Cups of coffee (sometimes champagne) and gossip from the dance world.
The physios are attractive blonde girls in jeans or track suits, the patients
are proud and beautiful dancers - their injuries seem to make them even
haughtier.
Charlotte diagnoses a sprained neck ligament. She explains: `You know
when you eat oxtail stew, well those little horns that stick out the side ...
I warn her that if she carries on I will pass out and I'm feeling inadequate
enough surrounded by these beautiful people. I have a good old moan
about being injured again. Charlotte suggests I should take it in my stride
like dancers or sportsmen. They accept injury and repair as part of their
jobs. Actors only think to train their voices properly.
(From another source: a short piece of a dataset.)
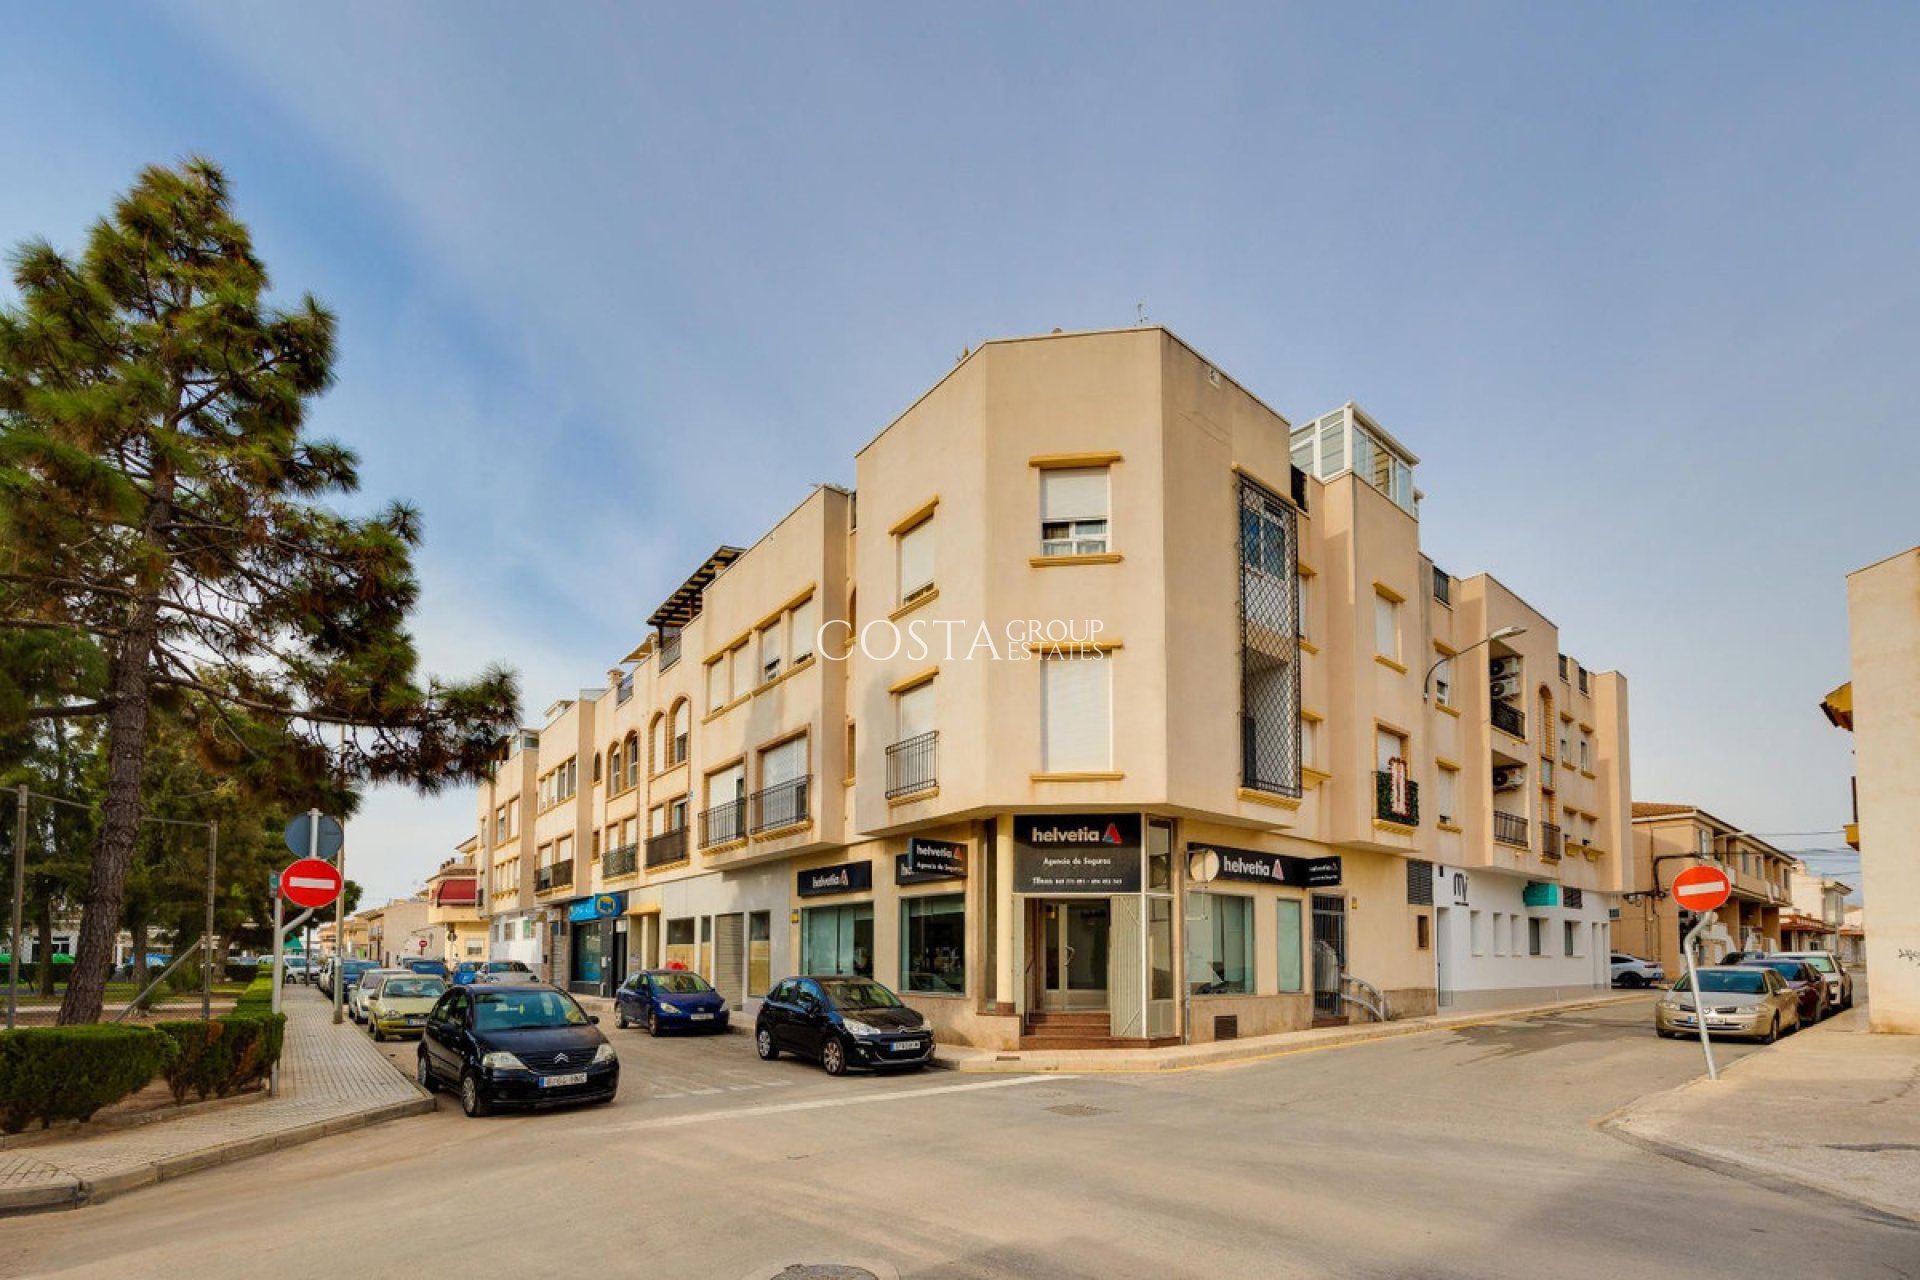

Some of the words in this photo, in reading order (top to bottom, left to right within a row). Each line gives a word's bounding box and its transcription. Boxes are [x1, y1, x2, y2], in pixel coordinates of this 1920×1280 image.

[1032, 827, 1100, 842] helvetia
[917, 844, 953, 859] helvetia
[1223, 855, 1270, 876] helvetia
[812, 873, 840, 889] helvetia
`But what's the point of all these months at the gym,' I winge, `if I'm
still getting injured?'
`If you hadn't been going to the gym, the injuries would be more
frequent and far worse. This is the first since the tendon. Given that your
performances are so physical, that's not bad going.'
She attaches suction cups from the interferential machine and sets the
various currents in motion ('This will be a gentle throbbing, this pins and
needles, this like champagne bubbles ...'). I lie there being gently
electrocuted, jerking and jumping, while she expounds her latest Richard
III theory - polio. She does a very impressive impersonation on crutches.
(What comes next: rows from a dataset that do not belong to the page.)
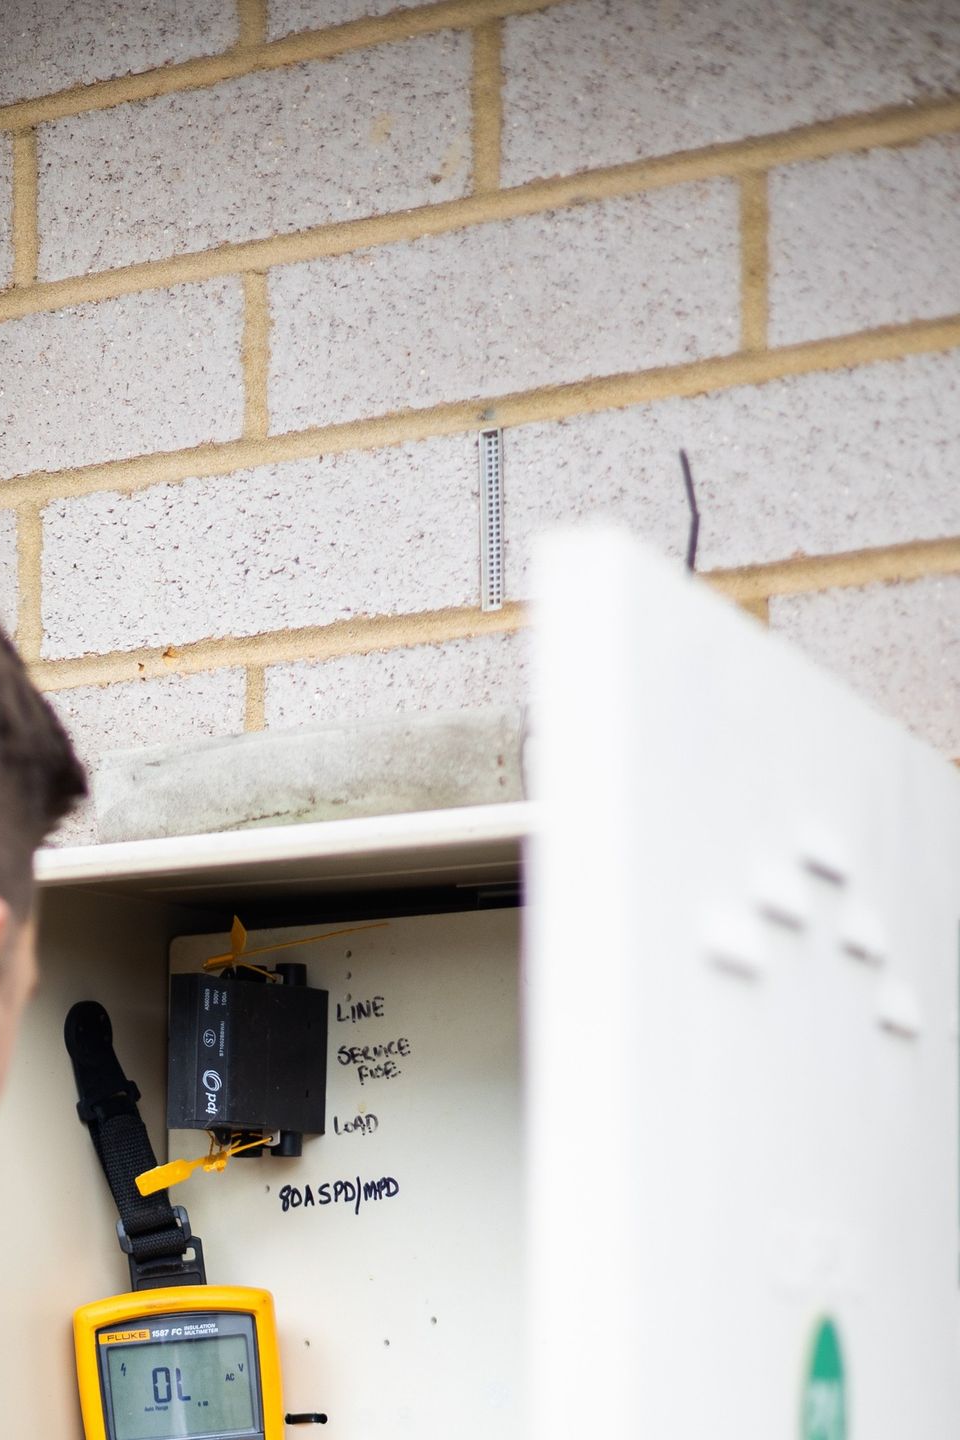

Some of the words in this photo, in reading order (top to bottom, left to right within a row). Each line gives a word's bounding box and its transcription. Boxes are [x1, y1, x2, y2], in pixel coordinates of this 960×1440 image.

[336, 996, 384, 1023] LINE
[337, 1037, 411, 1066] SERVICE
[205, 1092, 218, 1114] ipd
[183, 1322, 216, 1331] INSULATION
[183, 1327, 219, 1336] MULTIMETER
[107, 1332, 147, 1342] FLUKE
[151, 1329, 169, 1338] 1587
[171, 1328, 182, 1336] FC
[238, 1363, 244, 1372] V
[225, 1372, 235, 1382] AC
Her calves and feet soft and floppy, each step achieved by throwing the
leg forward from the hip. It looks like Douglas Bader and could be misread
as false legs. But an advantage is that the movement is quite variable and
would avoid specific repetitive strain. A problem would be creating an
illusion of the muscle wastage which, she says, characterises the disease.
Bill A. says he's been talking to Bill D. and they're both worried about
my drawings for Richard's head. `The trouble is there's no relation to
your own features. It's just another whole head plonked on yours.' Suggests
I think about a boar's head, perhaps with a beard high on the cheekbones
and a spiky wig. I seem to remember that Norman Rodway's image was
boar-like in Terry's 1970 production.
I think what's happened is that both Bills have taken the Hermanus
head too literally.
I try sketching another head alongside a self-portrait, giving it the
minimum of prosthesis, and using my own hair, sleeked back. This is
feasible.
Dickie back for good from filming Passage to India. Lovely stories about
Lean, Ashcroft, Guinness. I try out some Richard ideas on him. The
usual reaction: `Would he be able to go into battle on crutches?' I trust
Dickie's opinion so much this unnerves me. Am I trying to be too clever?
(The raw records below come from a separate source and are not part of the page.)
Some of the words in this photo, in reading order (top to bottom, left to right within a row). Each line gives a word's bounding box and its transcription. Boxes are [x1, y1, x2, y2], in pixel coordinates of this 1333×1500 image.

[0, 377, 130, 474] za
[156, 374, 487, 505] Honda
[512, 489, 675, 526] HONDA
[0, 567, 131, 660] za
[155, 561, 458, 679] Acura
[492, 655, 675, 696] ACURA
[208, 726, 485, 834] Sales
Two Tartuffe's. Overhear that in Henry V Harold Innocent is playing
Burgundy on two sticks. Henry using religious music and featuring a man
on sticks, Merchant having a religious setting, organ music and featuring
two hunchbacks ... all this plunges me into a terrible gloom.
Hurry home to watch Lon Chaney's Hunchback of Notre Dame, hoping
there might be something to steal. But it's appalling. Why is it that silent
comedies have survived so well when silent drama has aged so pitifully?
Our sense of humour more constant than our sense of tragedy?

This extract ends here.